Description of the task
Wherever a picture appears in the listing, leave it out, and copy the rest exactly.
------------------------------
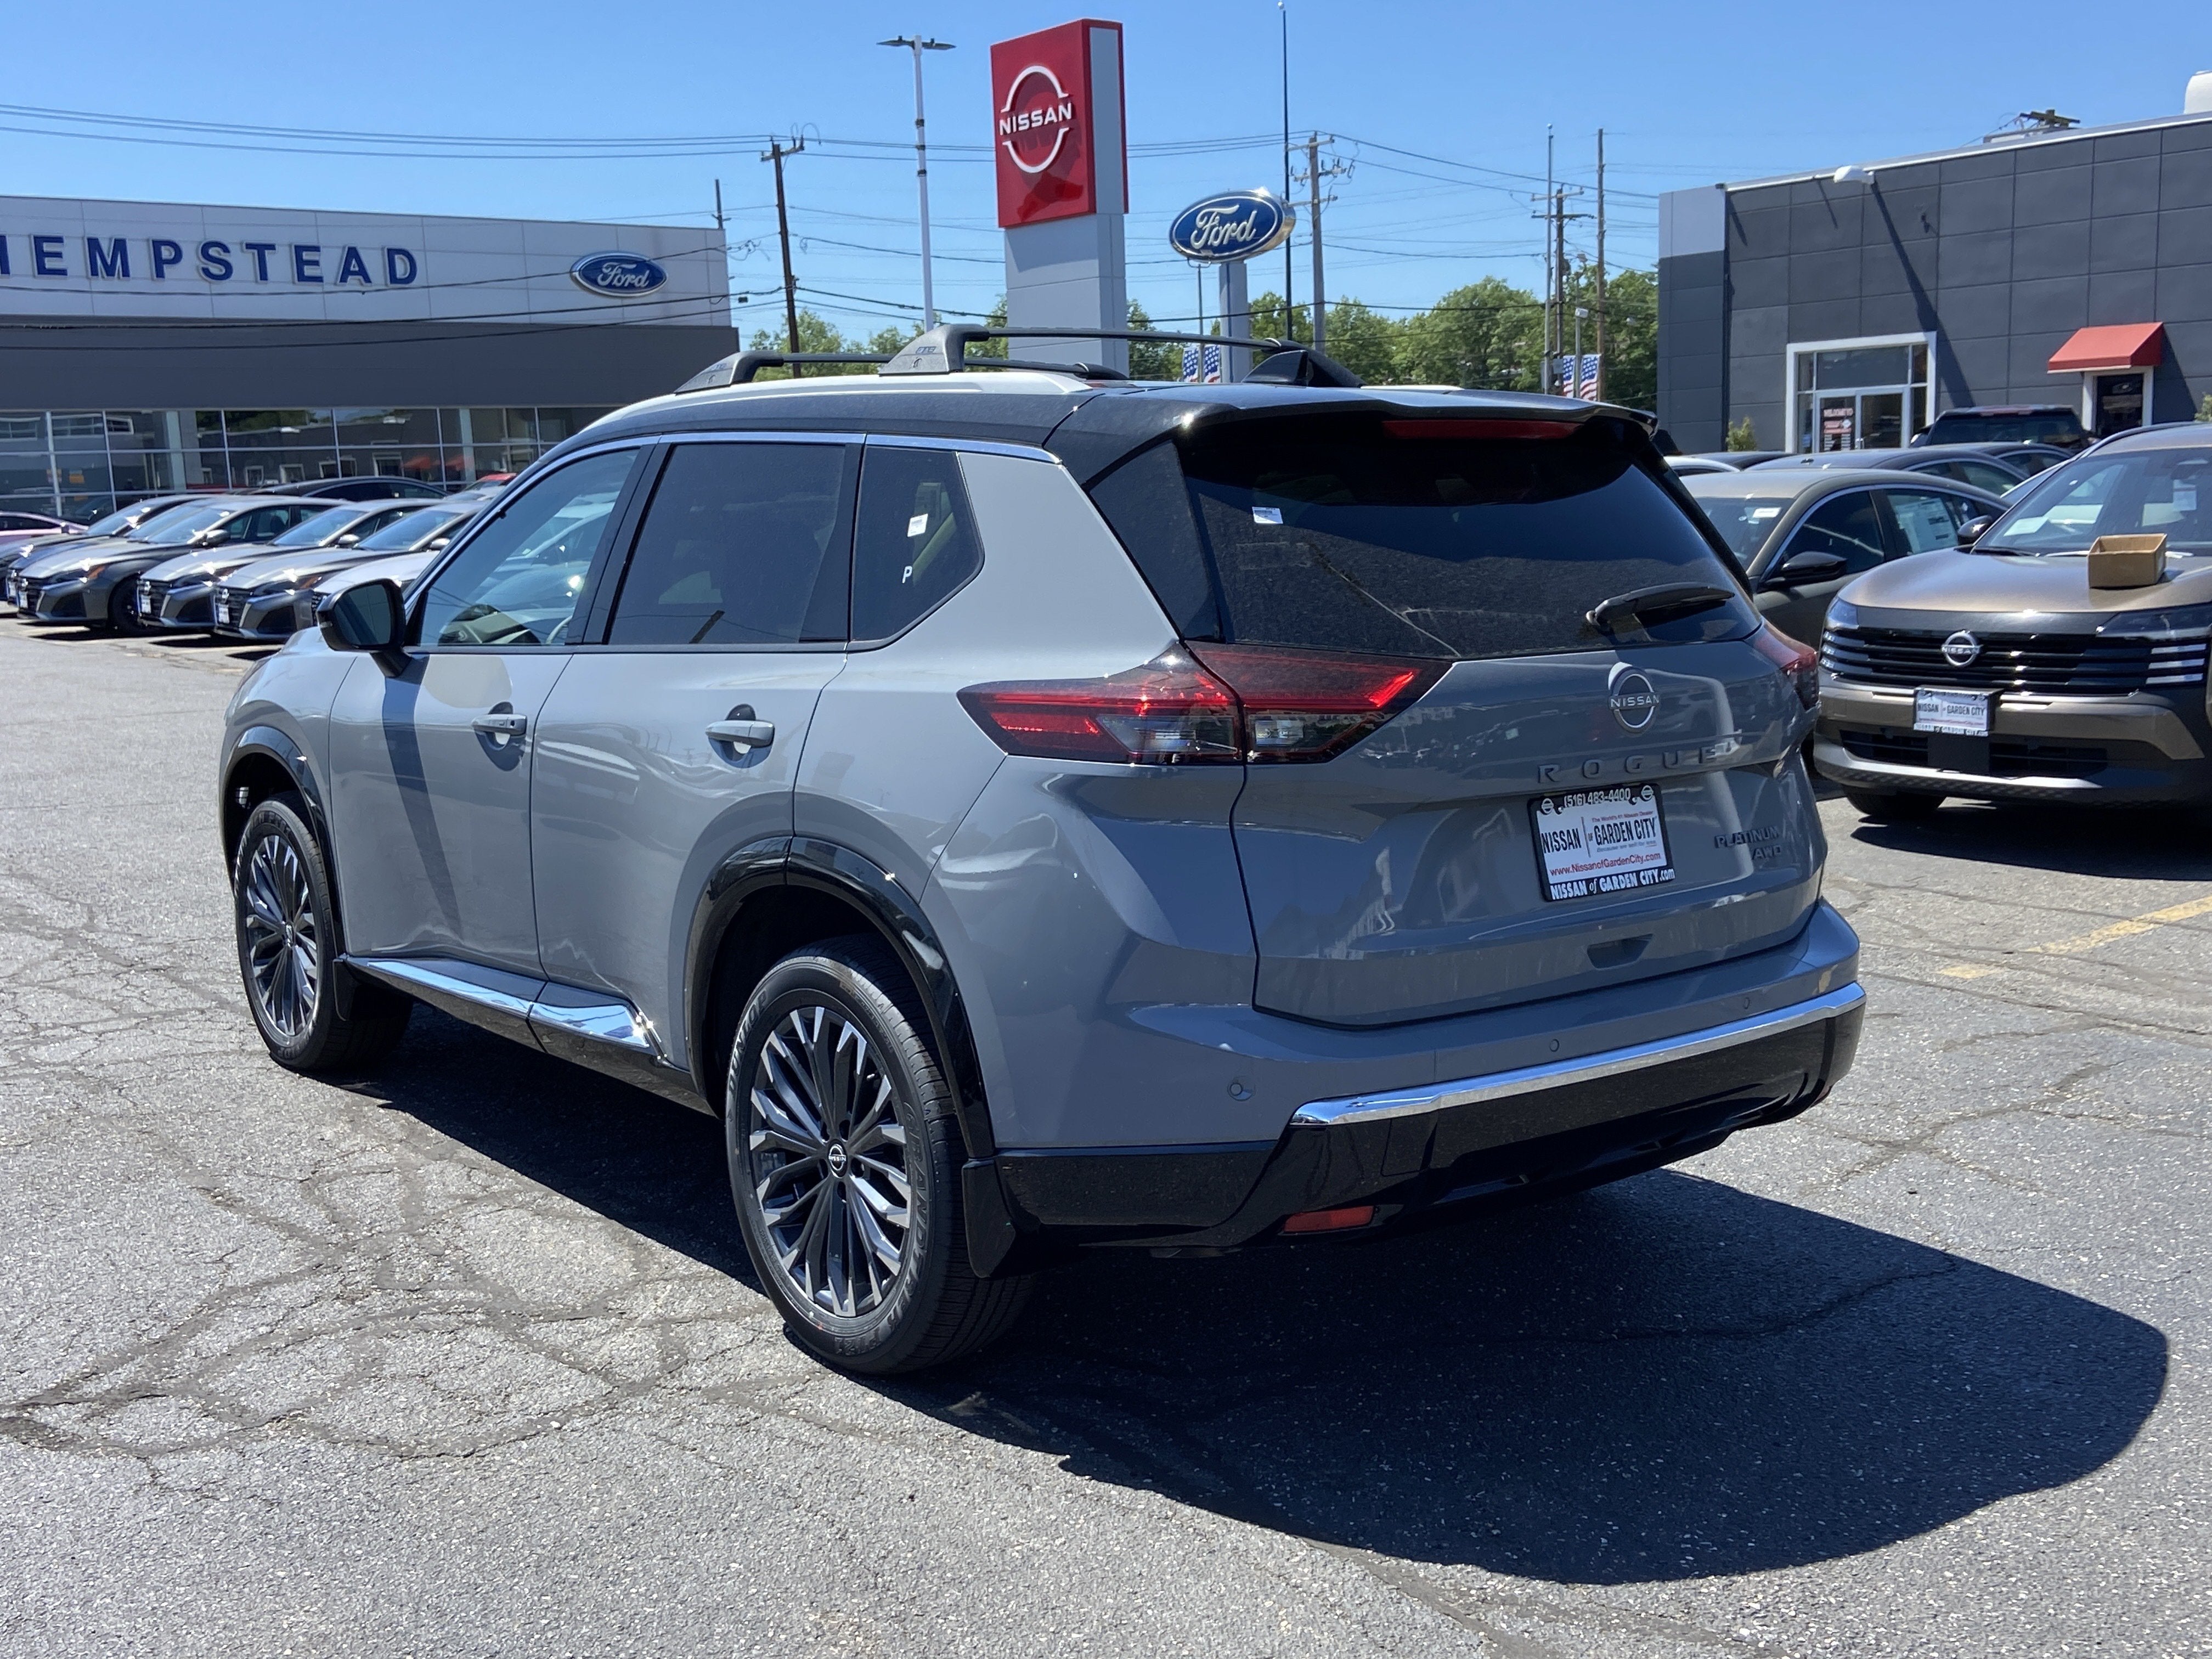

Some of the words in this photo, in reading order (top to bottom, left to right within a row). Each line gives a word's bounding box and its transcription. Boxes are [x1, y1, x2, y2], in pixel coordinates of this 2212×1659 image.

[999, 102, 1072, 136] NISSAN
[1190, 204, 1257, 250] Ford
[597, 262, 650, 287] Ford
[902, 566, 913, 584] P
[1611, 695, 1660, 708] NISSAN
[1917, 703, 1939, 713] NISSAN
[1947, 705, 1970, 715] GARDEN
[1971, 706, 1985, 716] CITY
[1537, 746, 1717, 783] ROGUE
[1564, 793, 1587, 808] (516)
[1587, 788, 1631, 805] 483-4400
[1541, 828, 1582, 854] NISSAN
[1594, 820, 1634, 845] GARDEN
[1634, 817, 1656, 839] CITY
[1714, 825, 1779, 849] PLATINUM
[1550, 853, 1661, 877] www.NissanofGardenCity.com
[1752, 845, 1782, 861] AWD
[1550, 881, 1588, 900] NISSAN
[1589, 878, 1598, 894] of
[1599, 872, 1638, 892] GARDEN
[729, 989, 768, 1093] DUNLOP
------------------------------
Written response
Some of the words in this photo, in reading order (top to bottom, left to right within a row). Each line gives a word's bounding box and its transcription. Boxes are [x1, y1, x2, y2], in pixel coordinates of this 2212×1659 image.

[999, 102, 1072, 136] NISSAN
[1190, 204, 1257, 250] Ford
[597, 262, 650, 287] Ford
[902, 566, 913, 584] P
[1611, 695, 1660, 708] NISSAN
[1917, 703, 1939, 713] NISSAN
[1947, 705, 1970, 715] GARDEN
[1971, 706, 1985, 716] CITY
[1537, 746, 1717, 783] ROGUE
[1564, 793, 1587, 808] (516)
[1587, 788, 1631, 805] 483-4400
[1541, 828, 1582, 854] NISSAN
[1594, 820, 1634, 845] GARDEN
[1634, 817, 1656, 839] CITY
[1714, 825, 1779, 849] PLATINUM
[1550, 853, 1661, 877] www.NissanofGardenCity.com
[1752, 845, 1782, 861] AWD
[1550, 881, 1588, 900] NISSAN
[1589, 878, 1598, 894] of
[1599, 872, 1638, 892] GARDEN
[729, 989, 768, 1093] DUNLOP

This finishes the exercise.